Problem statement » Copy the entries below exactly. Images do not belong in the copy.

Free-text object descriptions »
###

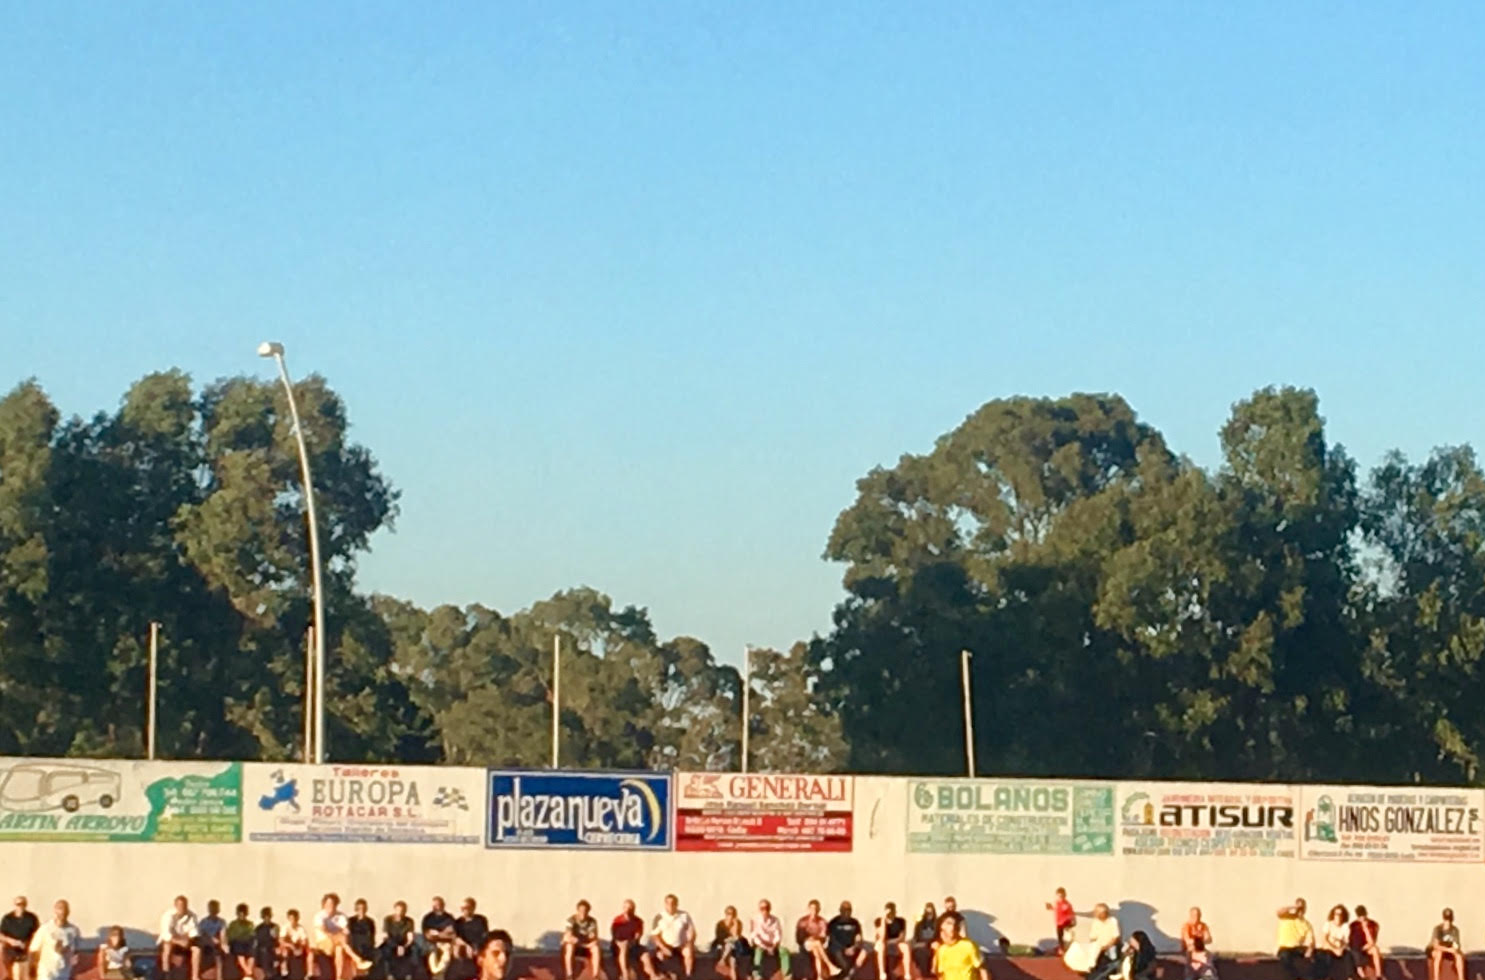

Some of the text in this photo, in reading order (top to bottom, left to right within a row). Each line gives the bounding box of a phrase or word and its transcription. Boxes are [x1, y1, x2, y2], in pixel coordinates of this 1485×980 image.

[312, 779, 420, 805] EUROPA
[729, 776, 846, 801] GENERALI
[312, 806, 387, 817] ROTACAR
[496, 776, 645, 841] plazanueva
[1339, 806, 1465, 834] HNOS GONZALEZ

###

Exercise answer »
Some of the text in this photo, in reading order (top to bottom, left to right within a row). Each line gives the bounding box of a phrase or word and its transcription. Boxes are [x1, y1, x2, y2], in pixel coordinates of this 1485×980 image.

[312, 779, 420, 805] EUROPA
[729, 776, 846, 801] GENERALI
[312, 806, 387, 817] ROTACAR
[496, 776, 645, 841] plazanueva
[1339, 806, 1465, 834] HNOS GONZALEZ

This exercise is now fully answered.